Retype the records below word for word and omit any image.
Source records START
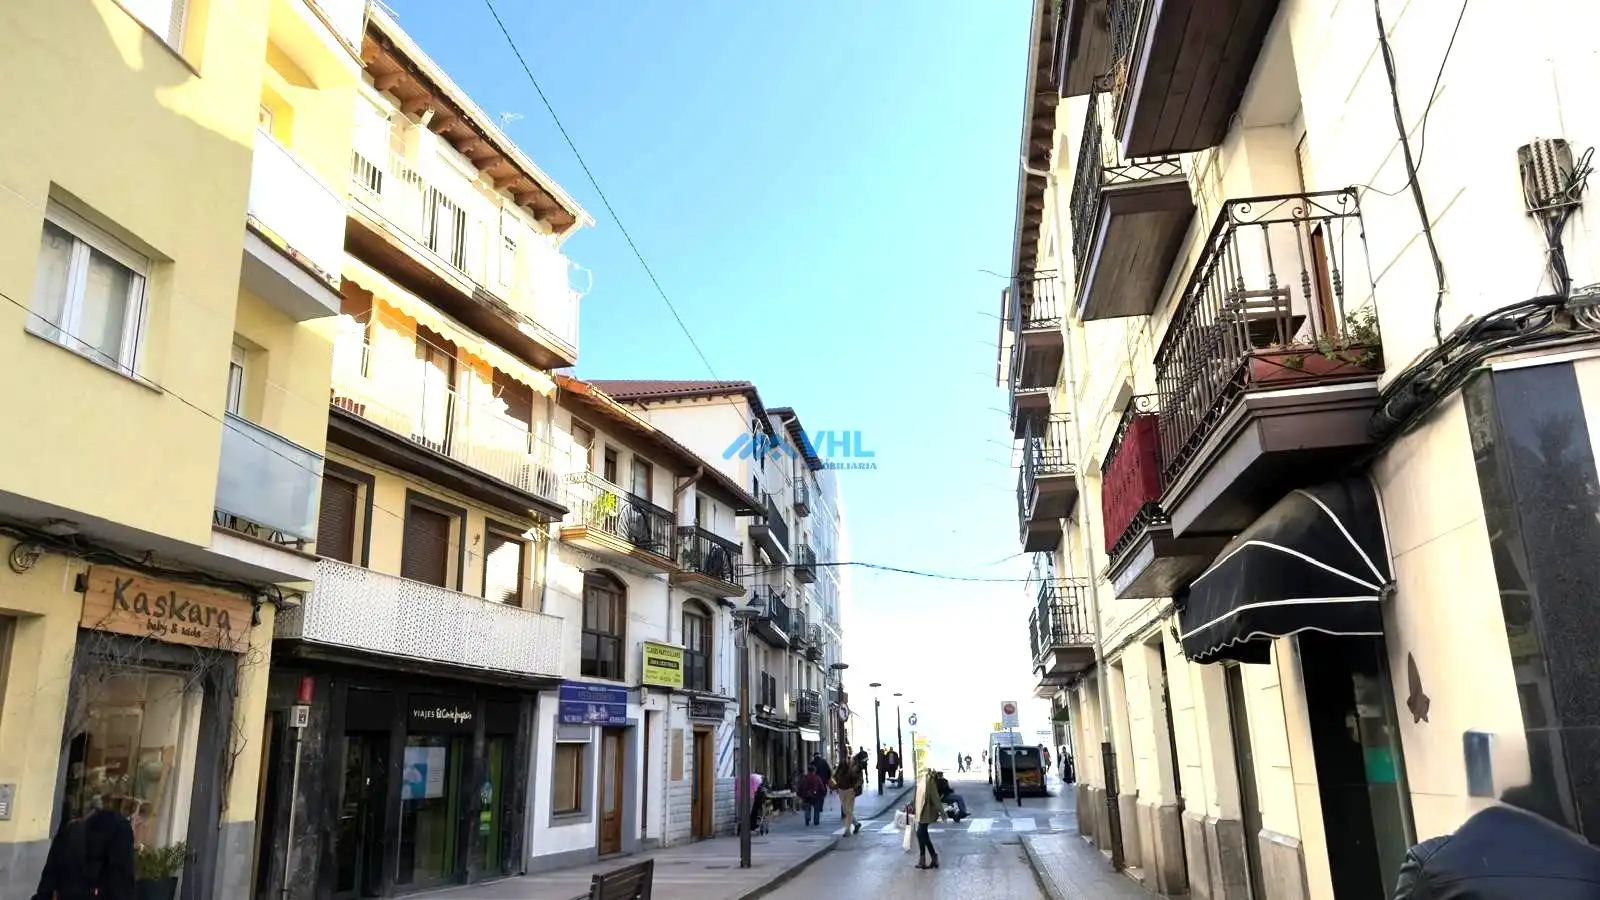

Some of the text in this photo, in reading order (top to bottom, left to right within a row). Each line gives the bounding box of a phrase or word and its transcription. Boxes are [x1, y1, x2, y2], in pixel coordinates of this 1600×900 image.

[112, 576, 231, 630] Kaskara
[146, 618, 201, 638] baby & kids
[413, 708, 435, 719] VIAJES
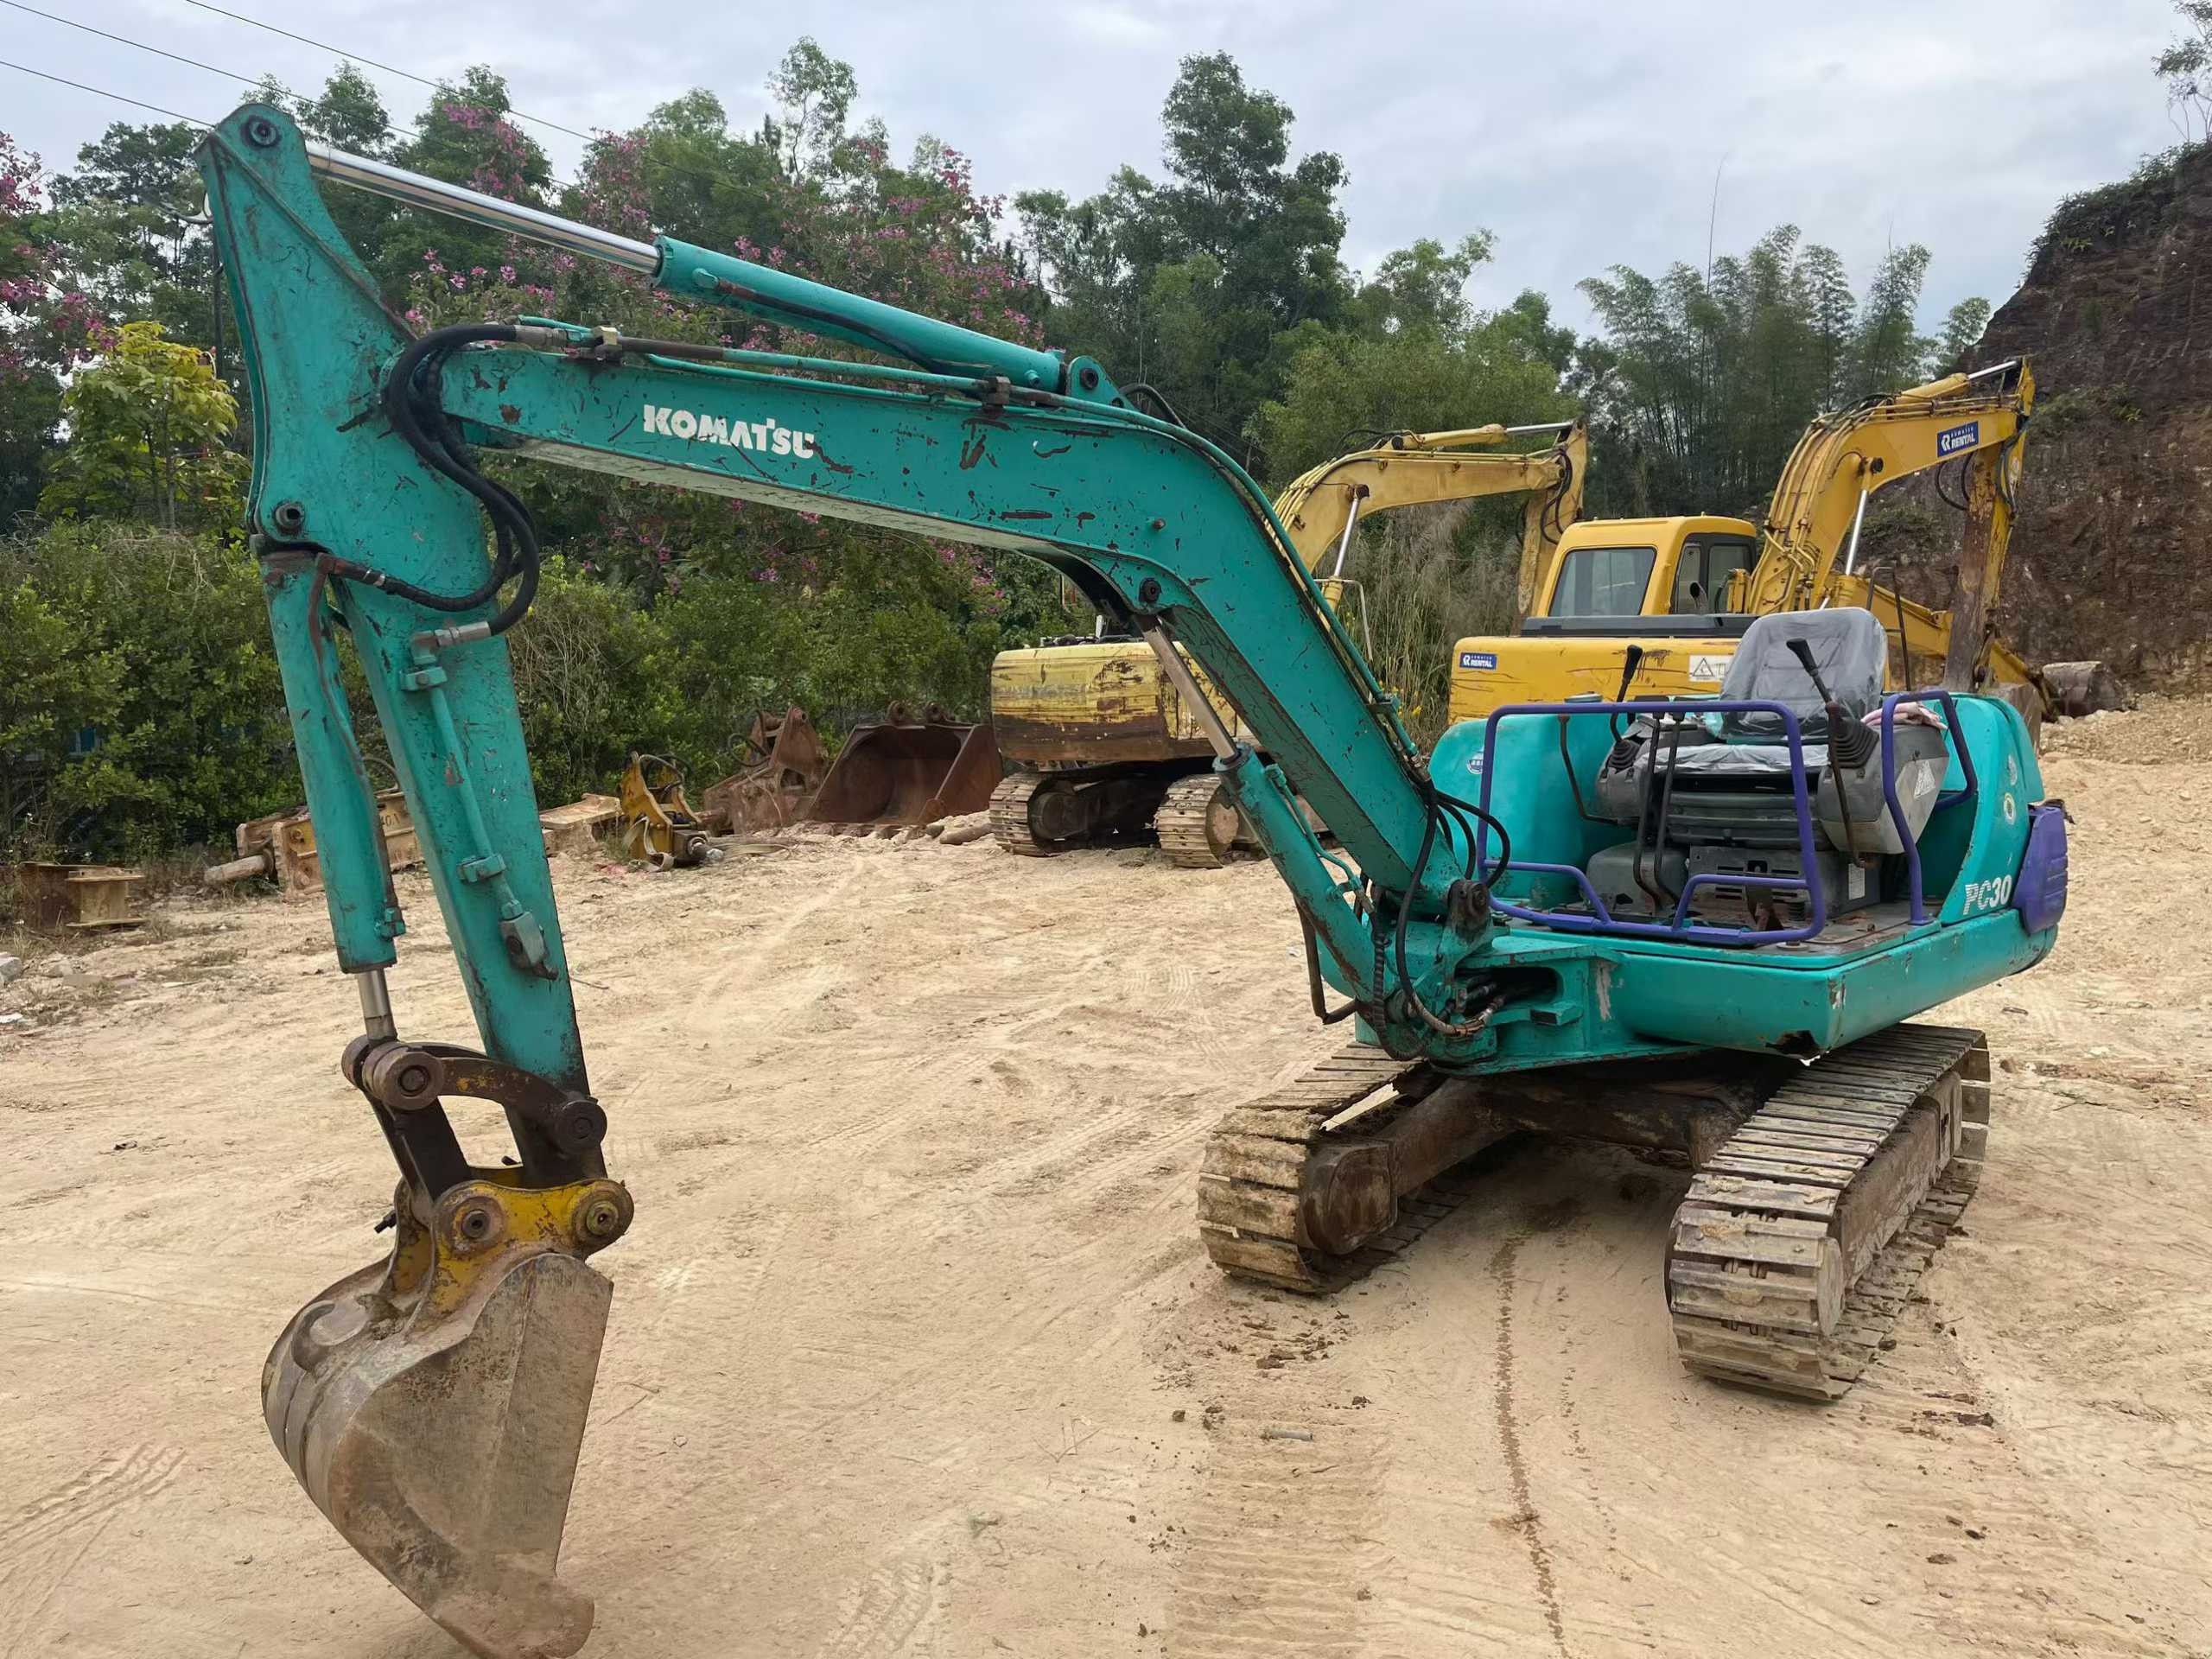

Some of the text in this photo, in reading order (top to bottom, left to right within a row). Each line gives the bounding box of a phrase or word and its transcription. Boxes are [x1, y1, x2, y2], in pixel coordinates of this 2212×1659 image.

[643, 404, 815, 459] KOMATSU
[1951, 432, 1975, 449] RENTAL
[1471, 659, 1493, 668] RENTAL
[1963, 874, 2012, 915] PC30
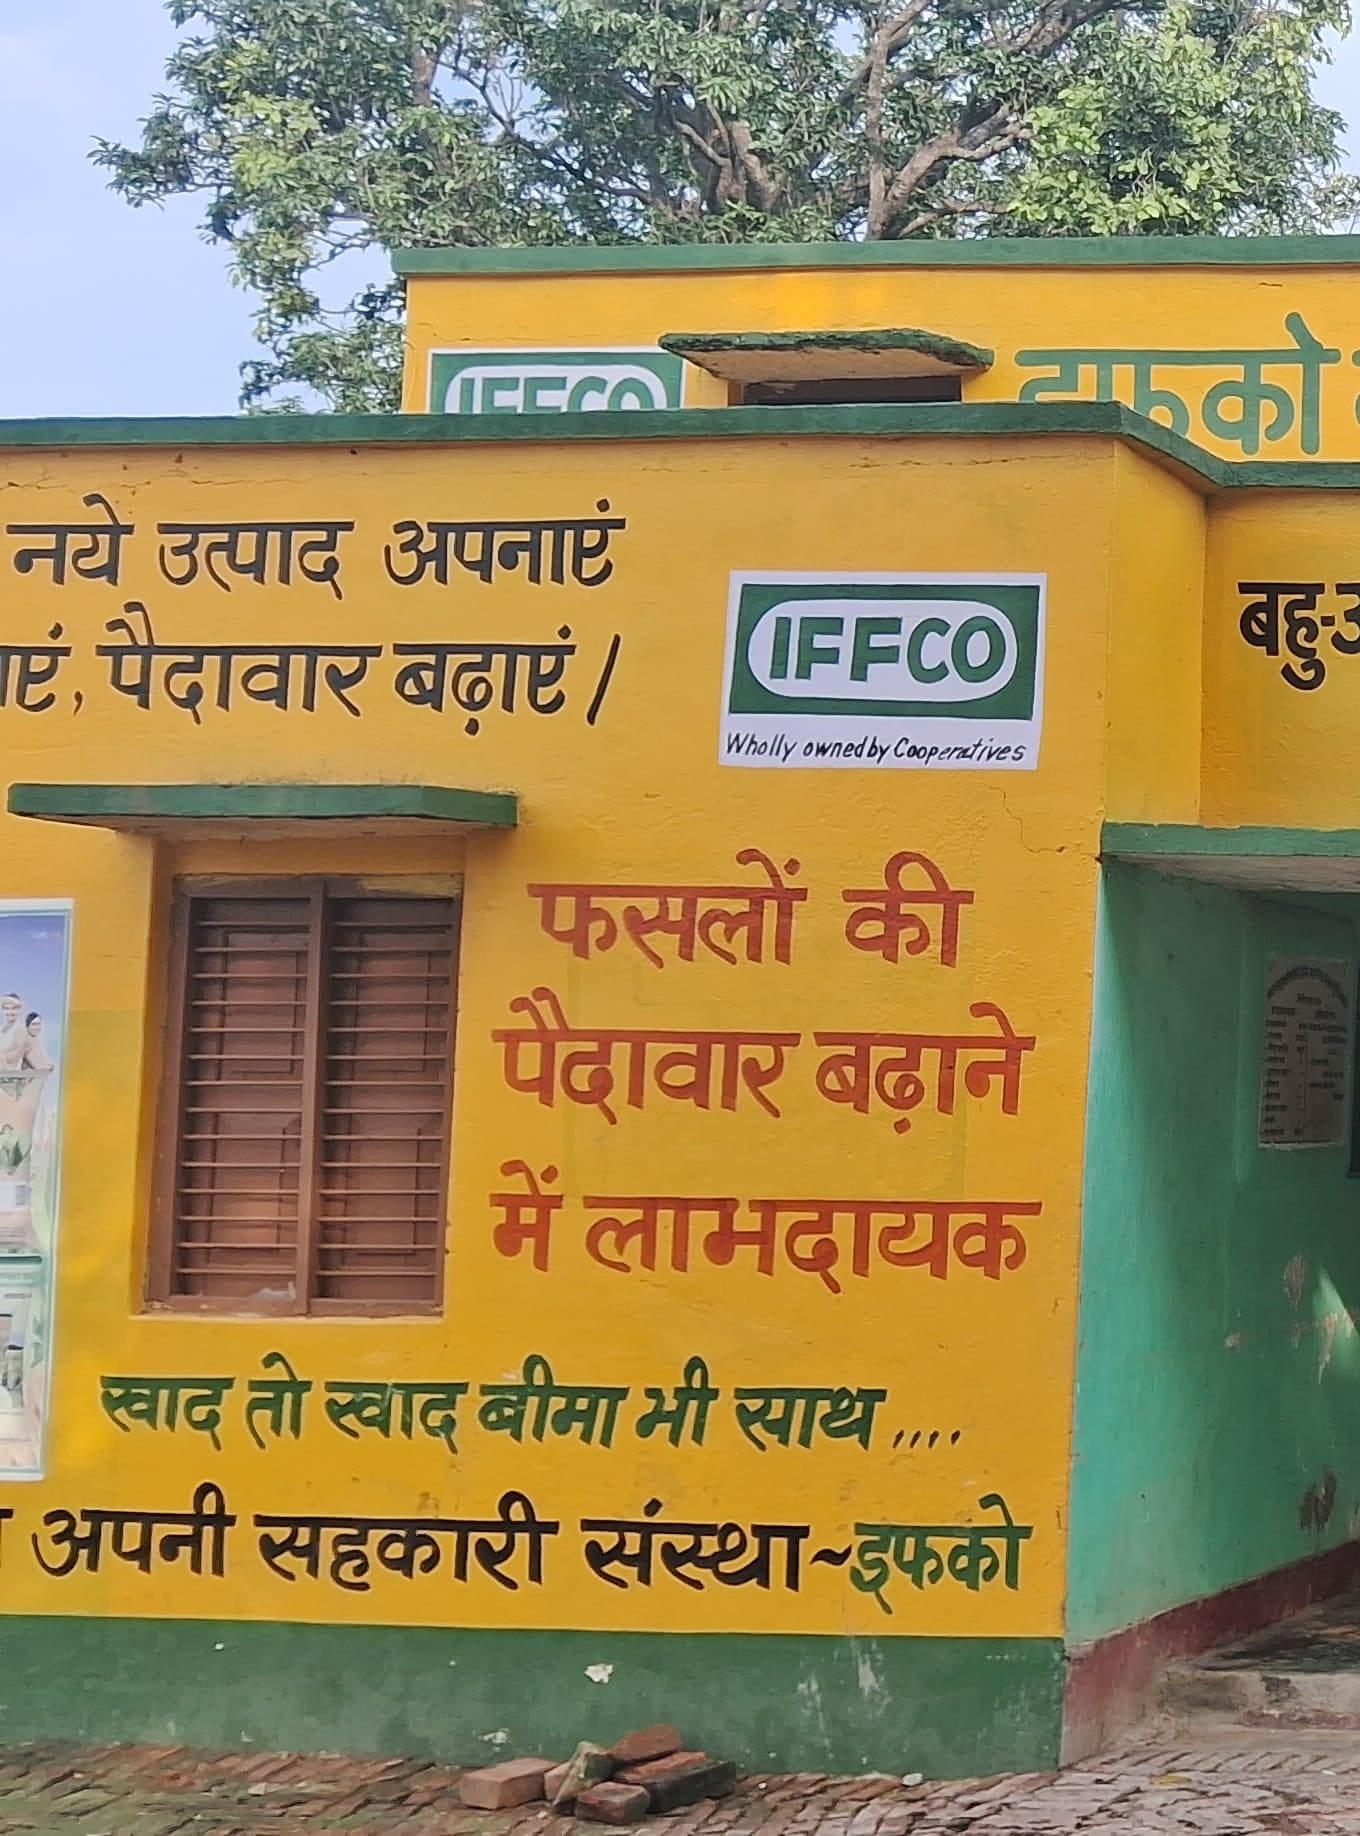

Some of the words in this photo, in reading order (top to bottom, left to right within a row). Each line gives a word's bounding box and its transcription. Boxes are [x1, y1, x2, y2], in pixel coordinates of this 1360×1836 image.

[6, 492, 135, 587] नये
[157, 519, 355, 600] उत्पाद
[384, 497, 626, 586] अपनाएं
[95, 600, 383, 725] पैदावार
[392, 624, 577, 736] बढ़ाएं
[768, 614, 1012, 686] IFFCO
[726, 731, 798, 763] Wholly
[801, 736, 870, 758] owned
[867, 737, 892, 764] by
[893, 737, 1028, 766] Cooperatives
[526, 847, 808, 969] फसलों
[840, 850, 975, 968] की
[490, 986, 801, 1126] पैदावार
[812, 1001, 1037, 1135] बढ़ाने
[488, 1158, 565, 1273] में
[581, 1194, 1043, 1295] लाभदायक
[246, 1350, 314, 1451] तो
[476, 1353, 631, 1449] बीमा
[634, 1355, 721, 1449] भी
[732, 1386, 889, 1452] साथ
[31, 1481, 238, 1578] अपनी
[253, 1489, 561, 1591] सहकारी
Source records END
Task result
Some of the text in this photo, in reading order (top to bottom, left to right within a row). Each line gives the bounding box of a phrase or word and its transcription. Boxes are [x1, y1, x2, y2], in pixel coordinates of this 1600×900 image.

[112, 576, 231, 630] Kaskara
[146, 618, 201, 638] baby & kids
[413, 708, 435, 719] VIAJES

Some of the text in this photo, in reading order (top to bottom, left to right within a row). Each line gives the bounding box of a phrase or word and its transcription. Boxes are [x1, y1, x2, y2], in pixel coordinates of this 2212×1659 image.

[643, 404, 815, 459] KOMATSU
[1951, 432, 1975, 449] RENTAL
[1471, 659, 1493, 668] RENTAL
[1963, 874, 2012, 915] PC30

Some of the words in this photo, in reading order (top to bottom, left to right within a row). Each line gives a word's bounding box and its transcription. Boxes are [x1, y1, x2, y2], in pixel coordinates of this 1360×1836 image.

[6, 492, 135, 587] नये
[157, 519, 355, 600] उत्पाद
[384, 497, 626, 586] अपनाएं
[95, 600, 383, 725] पैदावार
[392, 624, 577, 736] बढ़ाएं
[768, 614, 1012, 686] IFFCO
[726, 731, 798, 763] Wholly
[801, 736, 870, 758] owned
[867, 737, 892, 764] by
[893, 737, 1028, 766] Cooperatives
[526, 847, 808, 969] फसलों
[840, 850, 975, 968] की
[490, 986, 801, 1126] पैदावार
[812, 1001, 1037, 1135] बढ़ाने
[488, 1158, 565, 1273] में
[581, 1194, 1043, 1295] लाभदायक
[246, 1350, 314, 1451] तो
[476, 1353, 631, 1449] बीमा
[634, 1355, 721, 1449] भी
[732, 1386, 889, 1452] साथ
[31, 1481, 238, 1578] अपनी
[253, 1489, 561, 1591] सहकारी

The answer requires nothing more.